In prior pieces, I’d praised the spinoff as being value-creative from the spinner and the spinee. The new entity, as you may be aware, is Telus’s digital customer service and digital IT business, which is capable of some pretty meaningful growth for a reasonable valuation after TIXT stock’s lack of action since it went live on the TSX Index.
Telus International isn’t just your run-of-the-mill IT company, though. It’s so much more. The company, I believe, is best described as a digital customer experience designer. With the incredible innovation going on behind the scenes, I’d label Telus International as more of a tech stock than a utility-like IT services business like Tucows, which leaves a lot to be desired on the growth front.
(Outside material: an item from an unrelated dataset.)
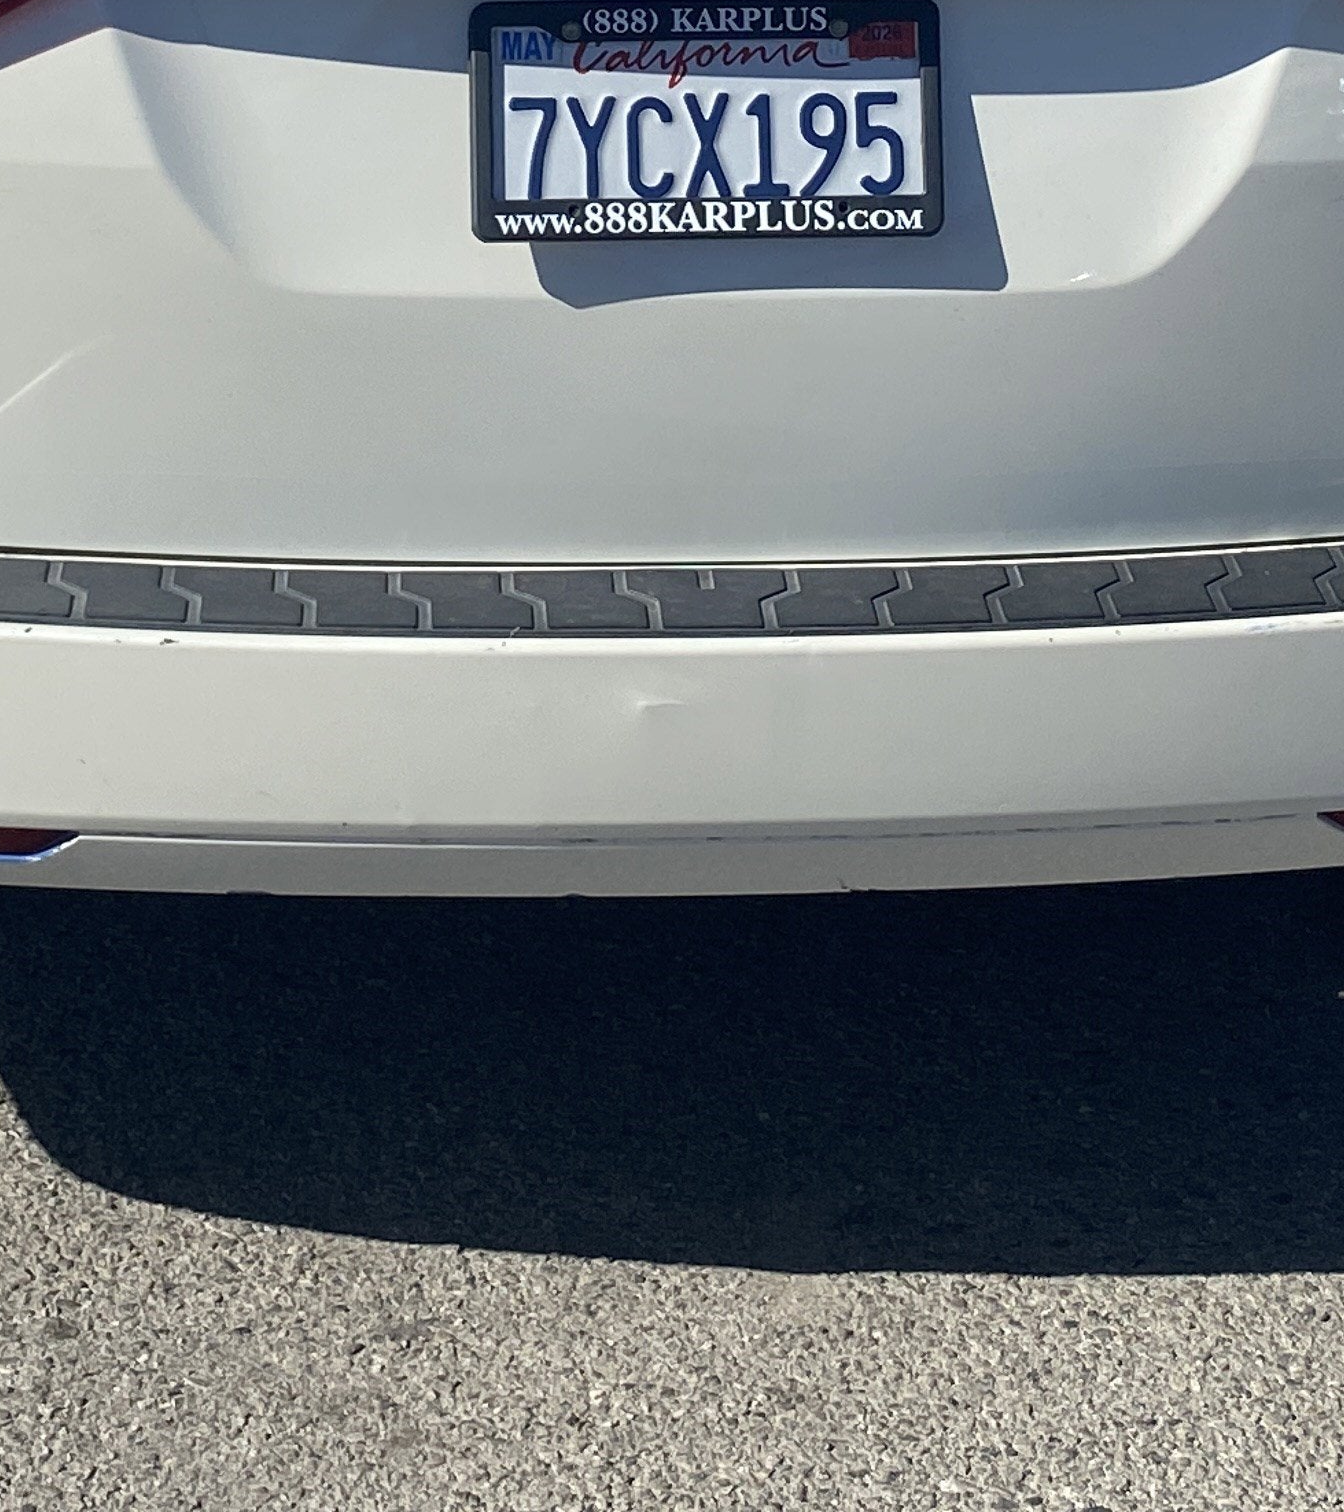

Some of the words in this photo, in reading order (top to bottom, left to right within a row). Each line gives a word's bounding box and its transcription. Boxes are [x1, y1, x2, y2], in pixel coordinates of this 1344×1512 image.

A robust first quarter for Telus International
Back in May, Telus International pulled the curtain on some pretty remarkable results. The company clocked in $0.23 in EPS, up 240% year over year (YoY), beating the analyst consensus that called for $0.20. Revenue came in at a solid $505 million, up 57% YoY, beating the $499 million consensus.
Telus International’s first quarter was a solid beat. And it’s going to be one of many that could propel shares of TIXT to potentially epic heights.
The real star to the show was the organic growth and margins, which were robust and could improve going forward, as the firm looks to move on from its days tied to the telecom behemoth it spun off from.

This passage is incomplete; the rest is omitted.